- _TASK BRIEF_: Please output the listing below character for character and omit the images.

● ● ●

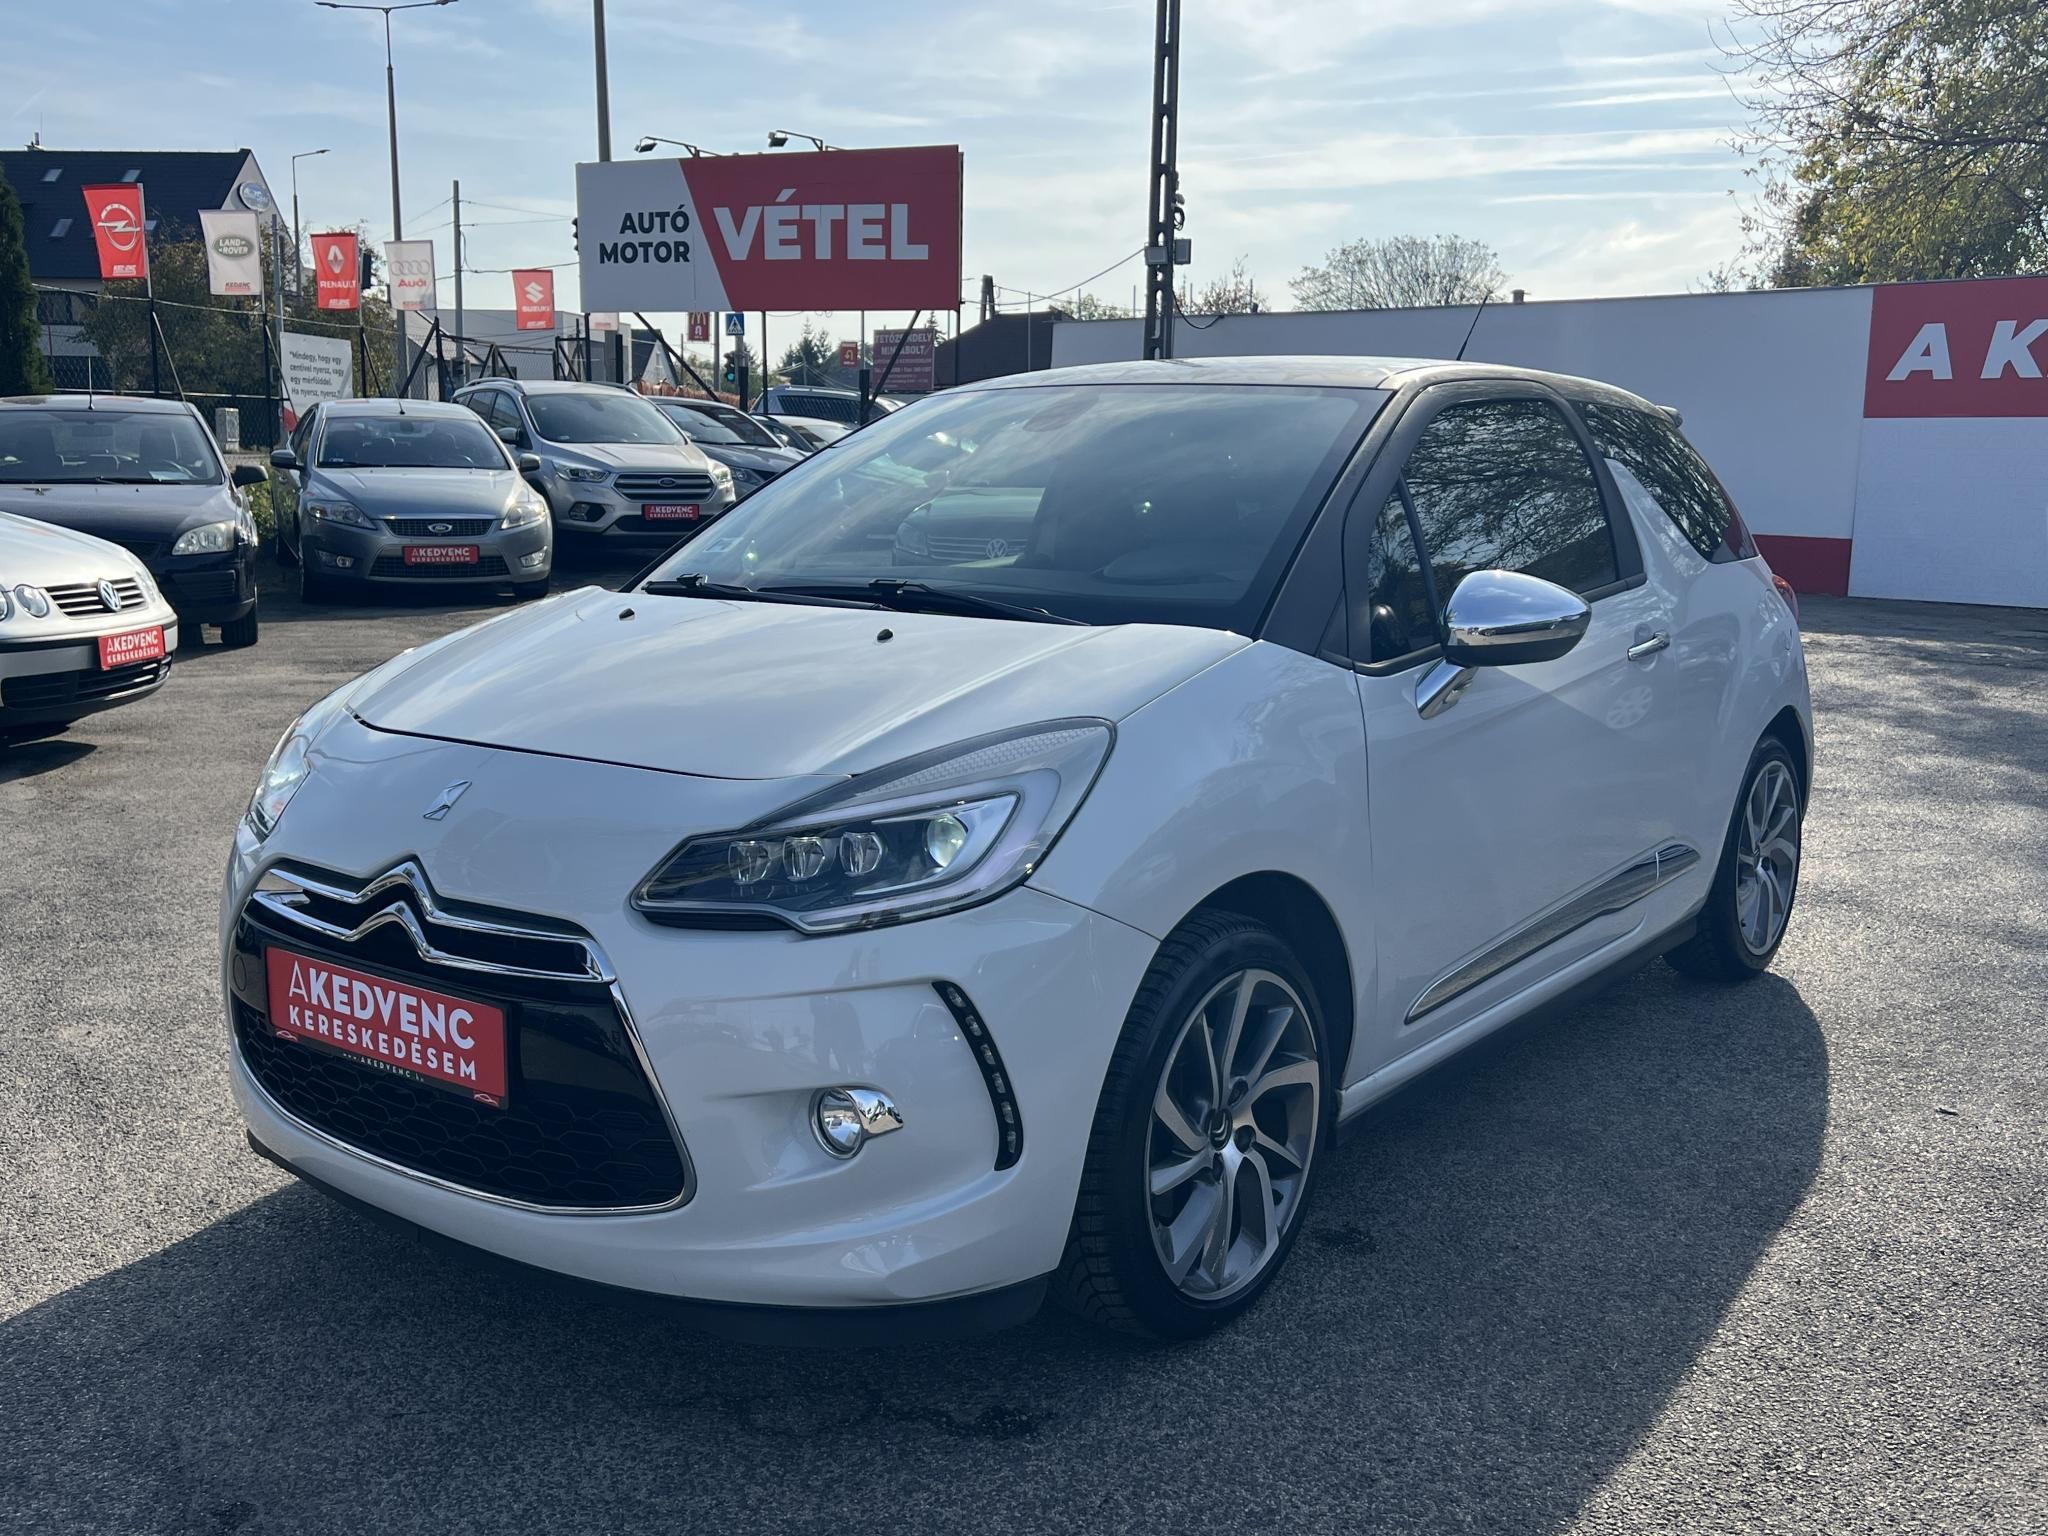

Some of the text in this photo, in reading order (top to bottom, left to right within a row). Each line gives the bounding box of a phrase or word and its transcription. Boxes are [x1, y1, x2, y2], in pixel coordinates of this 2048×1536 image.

[619, 204, 690, 234] AUTÓ
[712, 188, 929, 261] VÉTEL
[219, 238, 242, 247] LAND
[222, 245, 249, 254] ROVER
[599, 241, 690, 264] MOTOR
[319, 280, 357, 289] RENAULT
[521, 305, 550, 313] SUZUKI
[1980, 318, 2048, 379] K
[411, 547, 470, 557] AKEDVENC
[106, 630, 159, 653] AKEDVENC
[288, 959, 476, 1050] AKEDVENC
[289, 1004, 477, 1081] KERESKEDÉSEM

● ● ●

- _TASK ANSWER_:
Some of the text in this photo, in reading order (top to bottom, left to right within a row). Each line gives the bounding box of a phrase or word and its transcription. Boxes are [x1, y1, x2, y2], in pixel coordinates of this 2048×1536 image.

[619, 204, 690, 234] AUTÓ
[712, 188, 929, 261] VÉTEL
[219, 238, 242, 247] LAND
[222, 245, 249, 254] ROVER
[599, 241, 690, 264] MOTOR
[319, 280, 357, 289] RENAULT
[521, 305, 550, 313] SUZUKI
[1980, 318, 2048, 379] K
[411, 547, 470, 557] AKEDVENC
[106, 630, 159, 653] AKEDVENC
[288, 959, 476, 1050] AKEDVENC
[289, 1004, 477, 1081] KERESKEDÉSEM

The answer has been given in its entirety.